TASK INSTRUCTIONS: In the records below, repeat word for word only the lines starting at the one that contains "Some of the text" and ending at the one that contains "this 2048×1152 image.", pictures excluded.

[Data extracted from a collection]
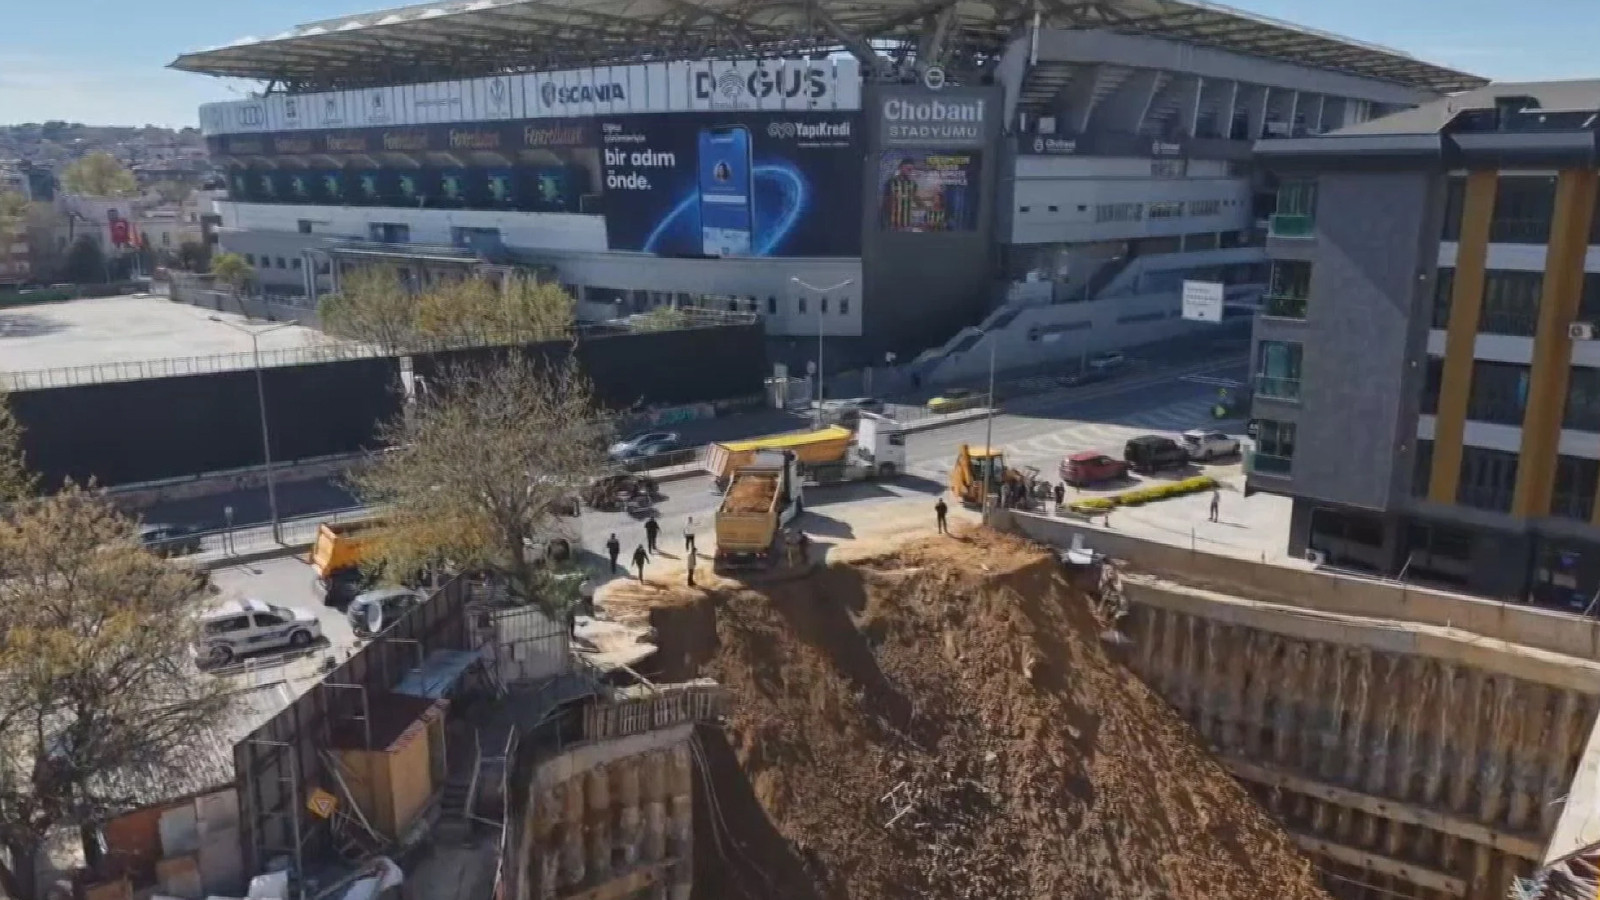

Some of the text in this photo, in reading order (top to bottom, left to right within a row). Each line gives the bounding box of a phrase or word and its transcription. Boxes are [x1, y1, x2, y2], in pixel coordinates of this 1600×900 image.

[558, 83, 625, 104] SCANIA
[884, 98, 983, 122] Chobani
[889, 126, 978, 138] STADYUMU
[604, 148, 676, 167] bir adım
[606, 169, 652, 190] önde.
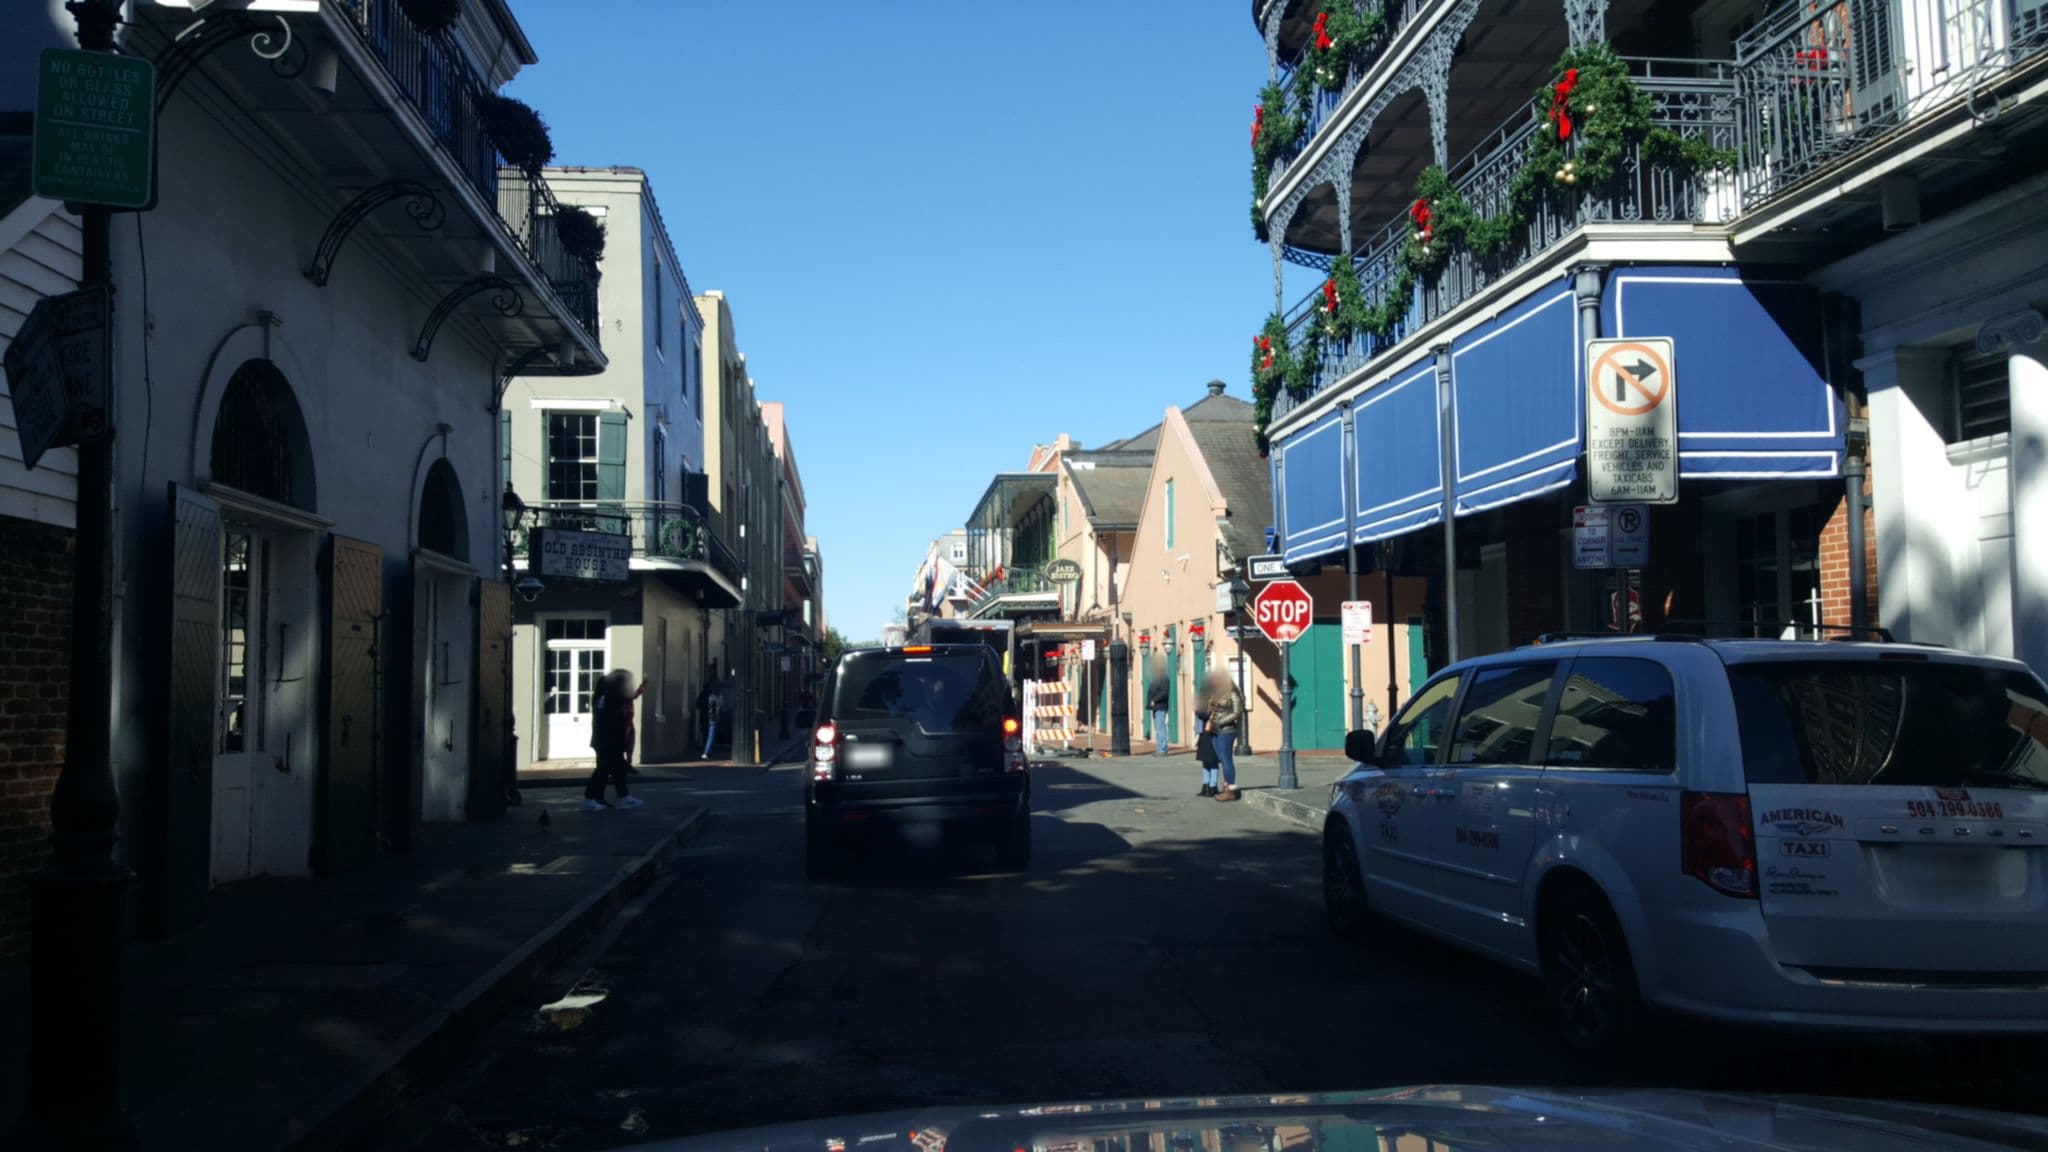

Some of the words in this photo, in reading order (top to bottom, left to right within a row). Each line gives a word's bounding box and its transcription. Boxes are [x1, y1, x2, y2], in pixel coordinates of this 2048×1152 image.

--

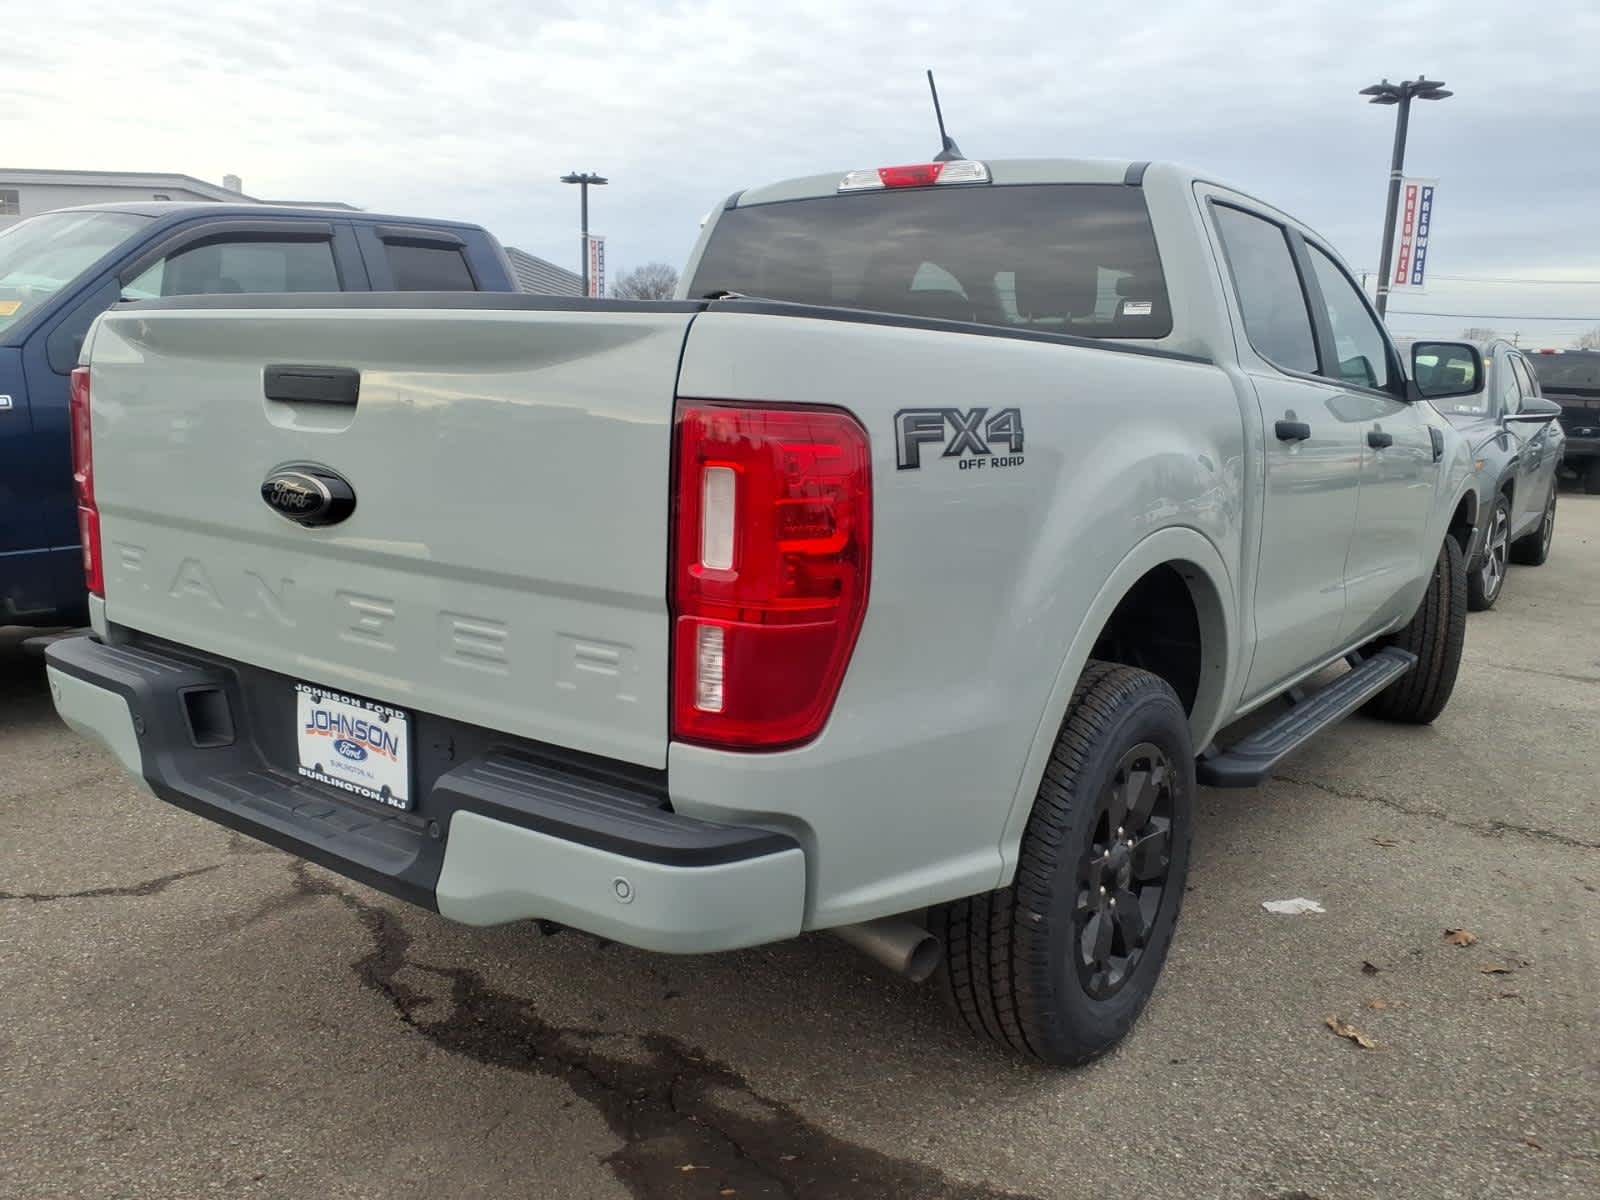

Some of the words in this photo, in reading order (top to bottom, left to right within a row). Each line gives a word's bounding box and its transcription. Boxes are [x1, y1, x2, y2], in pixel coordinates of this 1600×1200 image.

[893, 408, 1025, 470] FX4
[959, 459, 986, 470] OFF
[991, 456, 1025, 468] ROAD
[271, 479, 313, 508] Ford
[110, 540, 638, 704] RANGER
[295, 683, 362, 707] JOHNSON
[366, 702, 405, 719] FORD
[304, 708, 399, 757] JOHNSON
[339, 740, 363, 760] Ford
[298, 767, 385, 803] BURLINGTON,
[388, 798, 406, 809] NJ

ANSWER BOX:
Some of the text in this photo, in reading order (top to bottom, left to right within a row). Each line gives the bounding box of a phrase or word and its transcription. Boxes are [x1, y1, x2, y2], in pixel coordinates of this 1600×900 image.

[558, 83, 625, 104] SCANIA
[884, 98, 983, 122] Chobani
[889, 126, 978, 138] STADYUMU
[604, 148, 676, 167] bir adım
[606, 169, 652, 190] önde.

Some of the words in this photo, in reading order (top to bottom, left to right within a row). Each line gives a word's bounding box and its transcription. Boxes are [x1, y1, x2, y2], in pixel coordinates of this 2048×1152 image.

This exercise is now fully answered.